If you’re worried about a robot or an AI algorithm taking your job, you can take a little comfort in what I’ve written here. But you shouldn’t take a lot of comfort. As the Google car shows, computers can take over a whole lot of sophisticated manual and intellectual work without demonstrating any common sense or improvisational skill. Many years ago, Alan Turing observed that, as computers sped up and databases swelled, the “ingenuity” of programmers would be able to be substituted for the “intuition” of skilled professionals in many fields. We’re seeing that today on a broad scale, and we’re going to be seeing even more of it tomorrow. But Turing also concluded that there would always be limits to the use of ingenuity. There would always be an important place for intuition — for “spontaneous judgments which are not the result of conscious trains of reasoning.” Computers would not be able to substitute for talented, experienced people in all situations. And we’re seeing plenty of evidence of that today, too. If you’re a rapper, you may need to worry about shifts in fashion — capriciousness is another human quality that computers can’t match — but you can rest assured that robot rappers pose no threat whatsoever to your livelihood. Computers in the future will be able to do more than we assume but less than we fear.
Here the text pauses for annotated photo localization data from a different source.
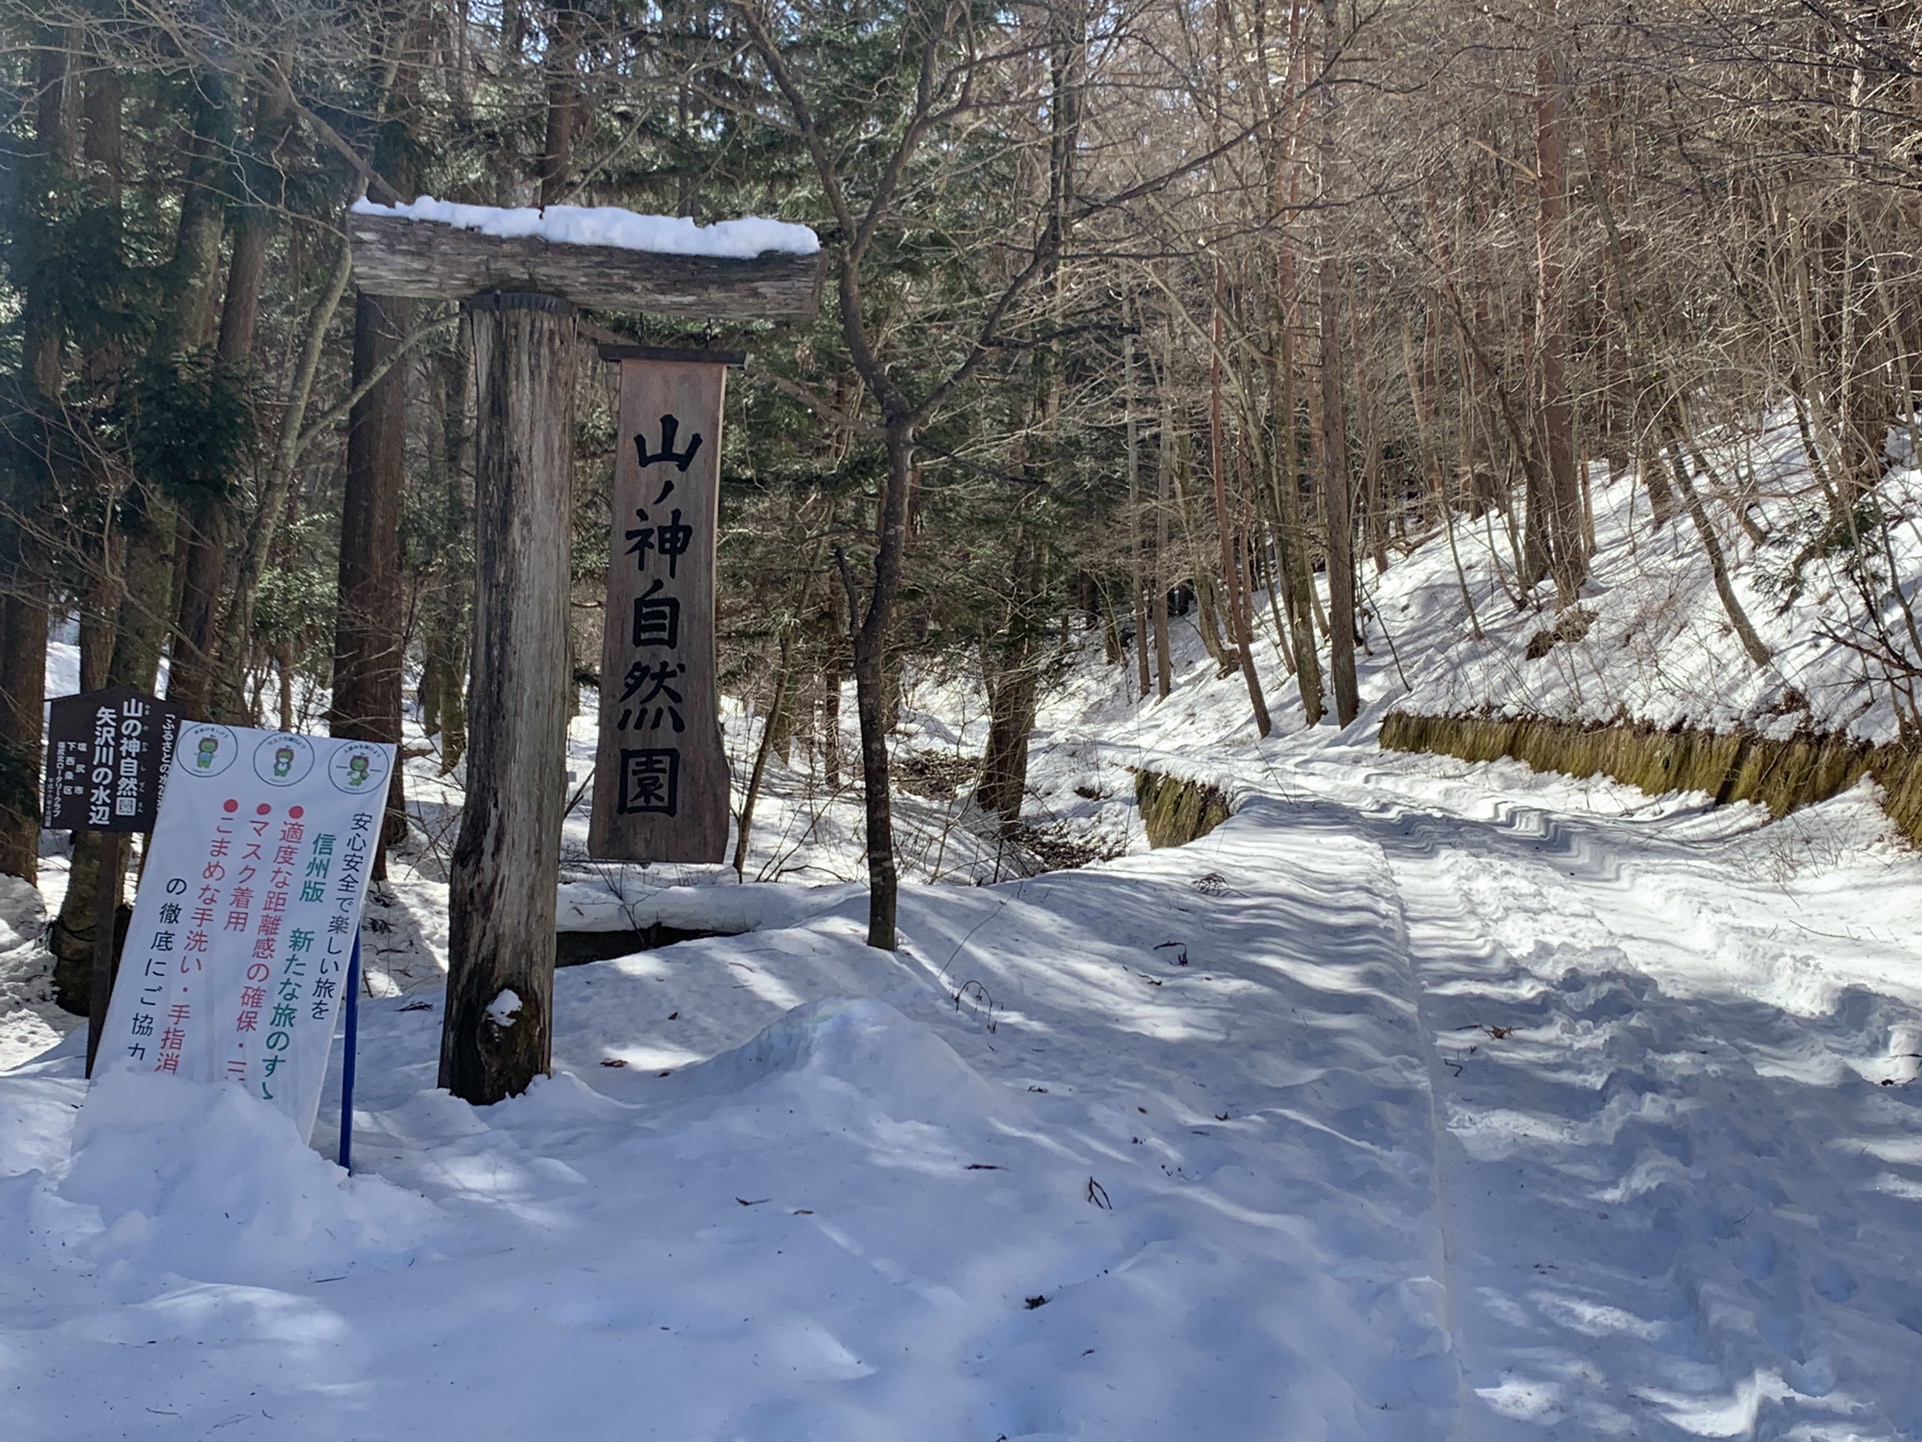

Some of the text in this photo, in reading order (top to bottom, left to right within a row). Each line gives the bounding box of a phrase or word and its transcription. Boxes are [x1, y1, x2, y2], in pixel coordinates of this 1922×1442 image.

[617, 413, 703, 818] 山ノ神自然園
[88, 706, 118, 826] 矢沢川の水辺
[115, 698, 144, 817] 山の神自然園
[223, 819, 270, 933] マスク着用
[299, 832, 337, 904] 信州版
[311, 812, 373, 1021] 安心安全で楽しい旅を
[128, 877, 187, 1061] の徹底にご協力
Ever since our ancestors made the first tools, we have been dividing labor between ourselves and our technologies. And the line between human effort and machine effort is always changing, for better and for worse. It would probably be a good idea to spend a little less time worrying about, or yearning for, a future in which robots take all our jobs and a little more time thinking about how to divide labor between people and computers in the wisest possible way.

______

*The Finnish researchers admit that when they apply their statistical model of rap lyrics to Eminem’s work, it scores poorly. The reason? Eminem is a master at “bending” — altering the pronunciation of words to create assonance and other rhymes where the rules say they shouldn’t exist. Eminem, in other words, improvises.

**Tomorrow, for example, Berkeley researchers will present a paper on a machine-learning technique that appears to enable a robot to master simple new tasks through a process of trial and error.

Image: Marvel.

2 thoughts on “Can computers improvise?

  1. Trevor Miles

    Loved the article Nick.
    It reminds me so much of a conference I attended in the mid-1980s when AI was a nascent study. There were tons of AI presentations and then there was Lotfi Zadeh presenting on Fuzzy Logic. It was also the time of a major herpes epidemic in the US, and before political correctness took hold. Lotfi skewered AI by describing how he boarded the plan to travel to the conference. First of all, when he arrived at the plane he asked the cabin attendant to tell him where eh was seated. She replied that the plane was quite empty so he could just choose a seat. First condition-response pair. He looked around the pane and found the prettiest woman with an empty seat next to her. Second condition-response pair. When he sat down, he have the woman a big smile and introduced himself. She had a big herpes sore on her lip. Third condition-response pair. So he stood up and look for the second best looking woman with an empty seat next to her who turned out to have 2 herpes sores. You get the picture. He said that any decision tree that requires precise condition-response pairs is inexhaustible.
    Zedah went on to say that he is much more comfortable in countries such as India where if the train departure time is listed as 10:00am the train can leave any time between 9:00am and 4:00pm, with the most likely time being 10:00am and the most probable time being 1:00pm. While his talk was entertaining it has stuck with me because of its insightful content.
    Warren Buffet supposedly said that “It is better to be approximately right than precisely wrong.” Perhaps this is his way of capturing the same concept.
    What I find interesting is the section in which you discuss the Google car. Which is worse, to be approximately right or precisely wrong?

  2. yvesT

    The key issue with AI, is that instead of talking about “research in Artificial Intelligence”, we should talk about “research of Artificial Intelligence”.
    There is absolutely no “discoveries” in “AI”.